One of the foundational norms in a number of other Asian cultures, including Chinese, is face-saving behavior. It can be roughly compared to the Western concepts of dignity and honour. It implies avoiding embarrassment and protecting each other’s reputation.

Disrespectful actions make a person “lose face” – these can be direct feedback, personal comments, raised voice, negative words and even jokes. The more rude and straightforward the action, the more devastating effect on the person’s “face” it has.

Now, compare it to the Australian culture, where common forms of humour are sarcasm, self-deprecation and the mocking of others, which would be a nightmare for face-saving cultures.


Conclusion

In this article, we’ve discussed the role of humour in social interactions, how it’s produced and why it’s perceived differently across cultures. The outcomes can be summed up with a quote:

“humour is a universal human activity that most people experience many times over the course of a typical day and in all sorts of social contexts. At the same time, there are obviously important cultural influences on the way humour is used and the situations that are considered appropriate for laughter”.

(Martin & Ford, 2018)

References

Bell, N. Attardo, S. (2010).

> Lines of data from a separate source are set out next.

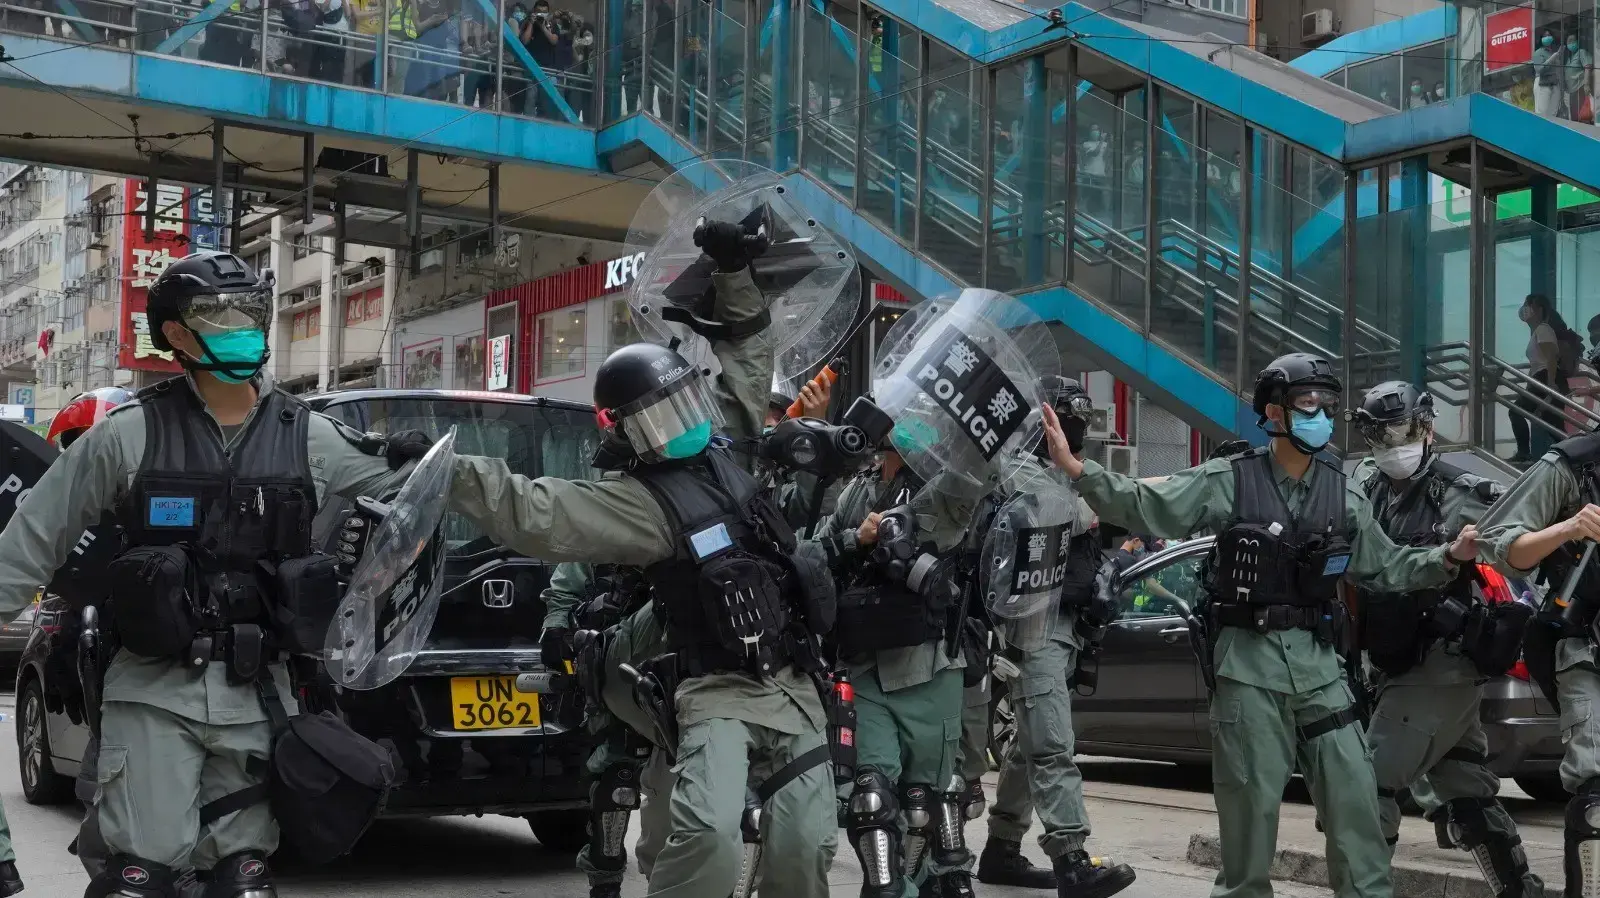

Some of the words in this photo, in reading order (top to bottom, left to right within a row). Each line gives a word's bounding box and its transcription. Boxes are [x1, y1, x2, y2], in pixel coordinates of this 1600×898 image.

[1491, 30, 1528, 46] OUTBACK
[604, 251, 646, 289] KFC
[657, 366, 684, 384] Police
[916, 363, 999, 453] POLICE
[165, 513, 178, 521] 2/2
[1016, 562, 1067, 589] POLICE
[475, 679, 513, 702] UN
[459, 702, 534, 726] 3062
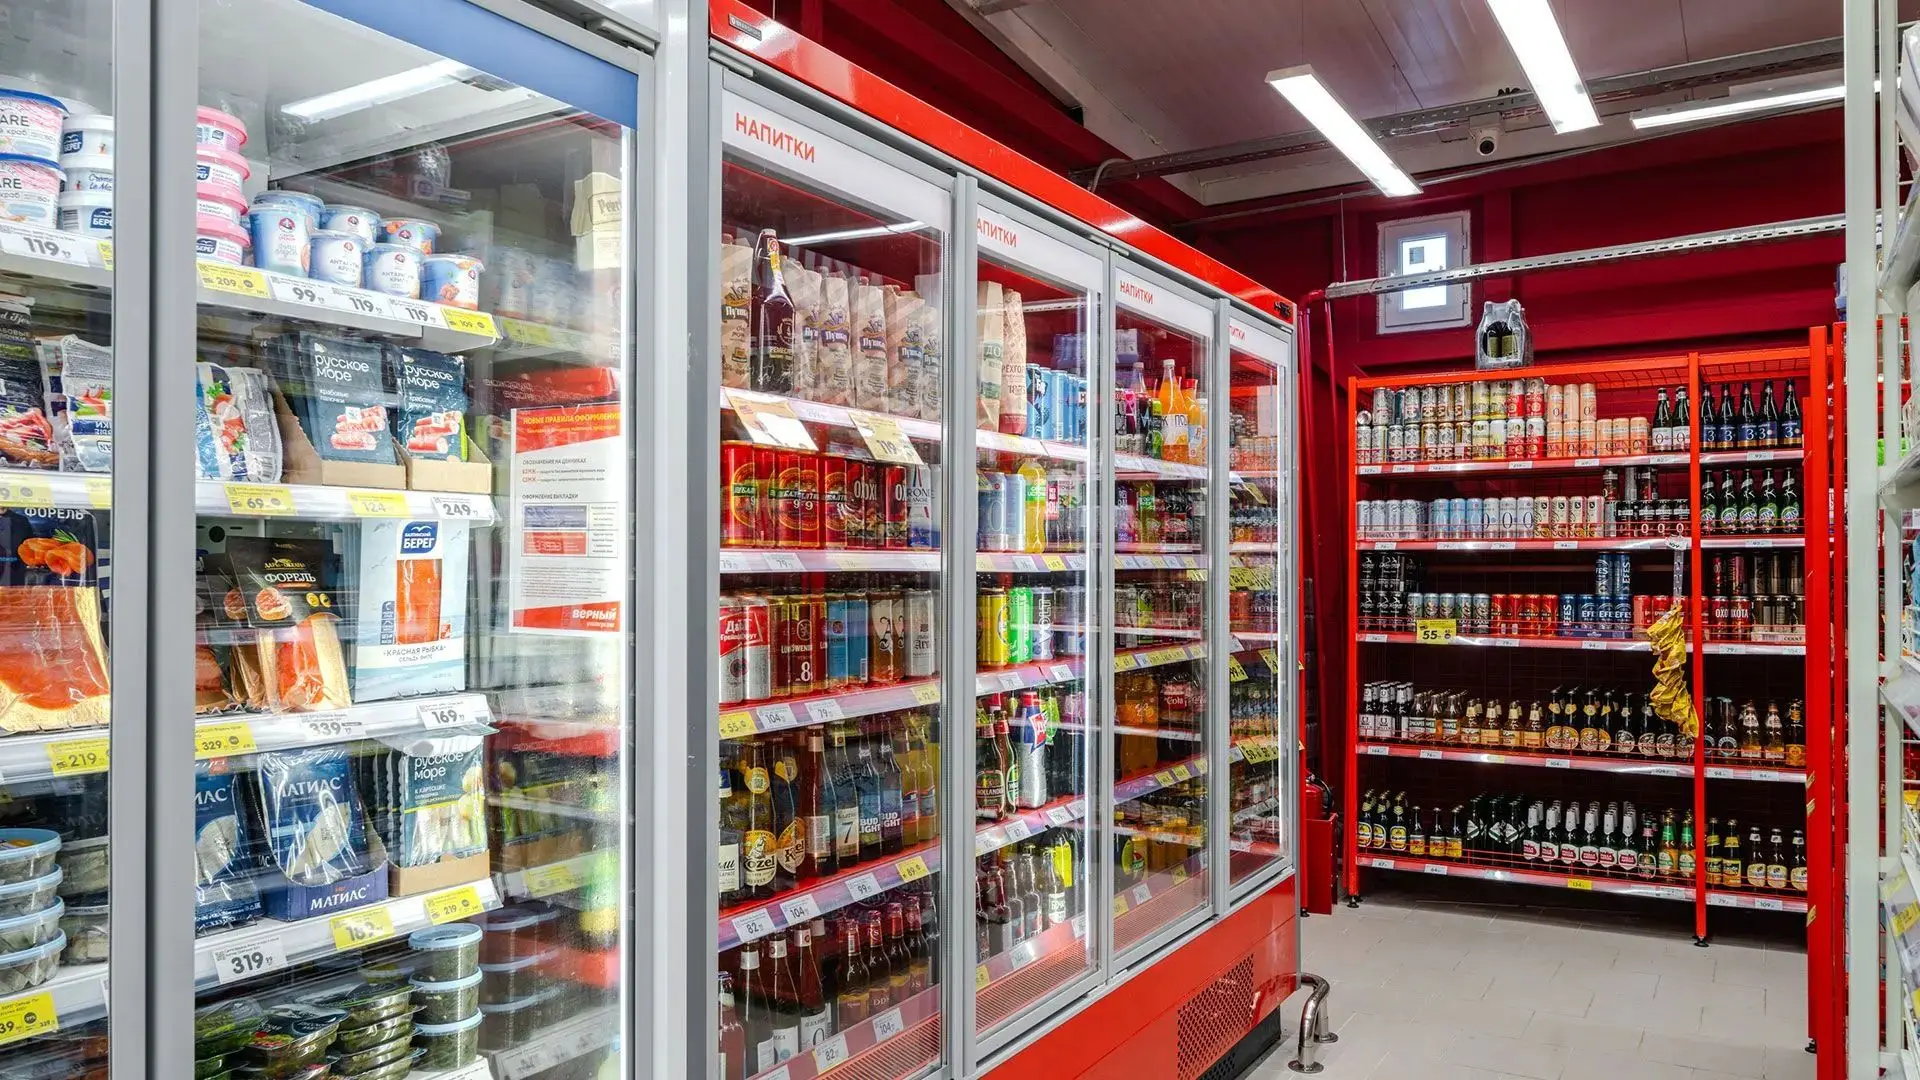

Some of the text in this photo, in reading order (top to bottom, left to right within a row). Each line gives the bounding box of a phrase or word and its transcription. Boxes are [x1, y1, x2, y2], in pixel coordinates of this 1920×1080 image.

[736, 112, 816, 162] НАПИТКИ
[976, 218, 1016, 248] АПИТКИ
[23, 237, 59, 256] 119
[216, 276, 236, 288] 209
[292, 286, 316, 302] 99
[1120, 280, 1153, 305] НАПИТКИ
[350, 297, 374, 312] 119
[405, 307, 428, 322] 119
[315, 353, 370, 374] русское
[316, 368, 352, 382] море
[405, 364, 454, 382] русское
[406, 376, 440, 390] море
[246, 498, 264, 510] 69
[443, 504, 471, 517] 249
[805, 500, 814, 510] 9
[24, 508, 85, 520] ФОРЕЛЬ
[404, 536, 435, 550] БЕРЕГ
[264, 572, 316, 583] ФОРЕЛЬ
[1422, 630, 1438, 640] 55
[800, 661, 811, 682] 8
[431, 708, 458, 724] 169
[765, 712, 780, 723] 104
[818, 708, 828, 718] 79
[309, 722, 342, 736] 339
[729, 722, 738, 732] 55
[202, 740, 222, 751] 329
[68, 752, 96, 768] 219
[414, 752, 464, 770] русское
[414, 766, 446, 781] море
[860, 818, 878, 826] BUD
[838, 821, 854, 844] 7
[907, 868, 916, 876] 89
[310, 887, 367, 911] МАТИАС
[444, 904, 457, 915] 219
[790, 906, 805, 918] 104
[746, 922, 760, 934] 82
[232, 952, 264, 974] 319
[825, 1048, 835, 1061] 82
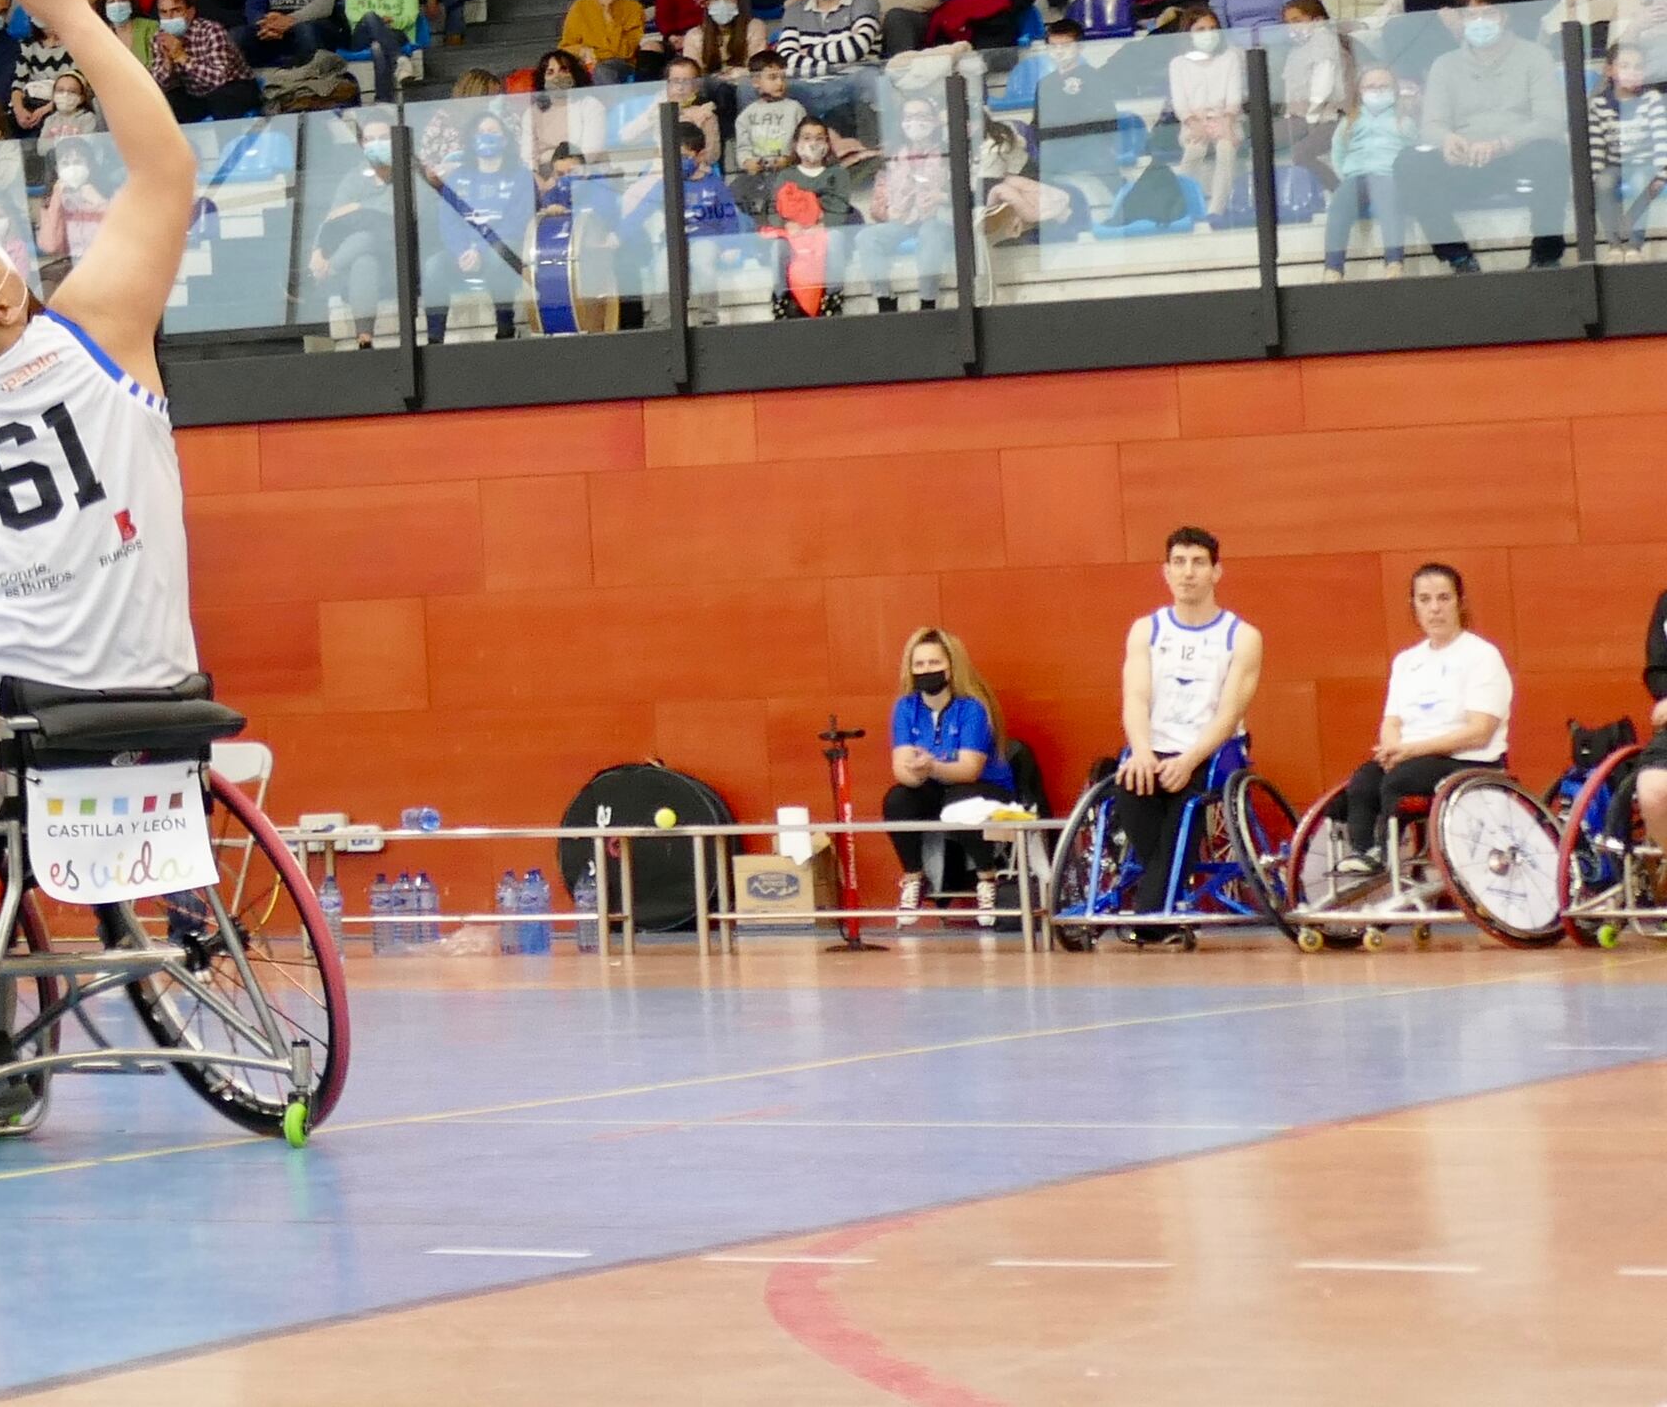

Failed humour: Issues in non-native speakers’ appreciation and understanding of humour. Intercultural Pragmatics, 7 (3), 423-447.

Freud, S. (1928). humour. Int. J. Psychoanal. 9, 1–6.

Hua, Z. (2014). Exploring intercultural communication: Language in action. 38-39

Martin, R. A., and Ford, T. (2018). The Psychology of humour: An Integrative Approach. Burlington, MA: Elsevier Academic Press.

Rogerson-Revell, P. (2007). Humour in business: A double-edged sword: A study of humour and style shifting in intercultural business meetings. Journal of Pragmatics, 39(1), 4-28.

Warren, C., & McGraw, A. P. (2015). Opinion: What makes things humorous. Proceedings of the National Academy of Sciences of the United States of America, 112, 7105–7106.

Warren, C., & McGraw, A. P. (2016). Differentiating what is humorous from what is not. Journal of Personality and Social Psychology, 110, 407–430.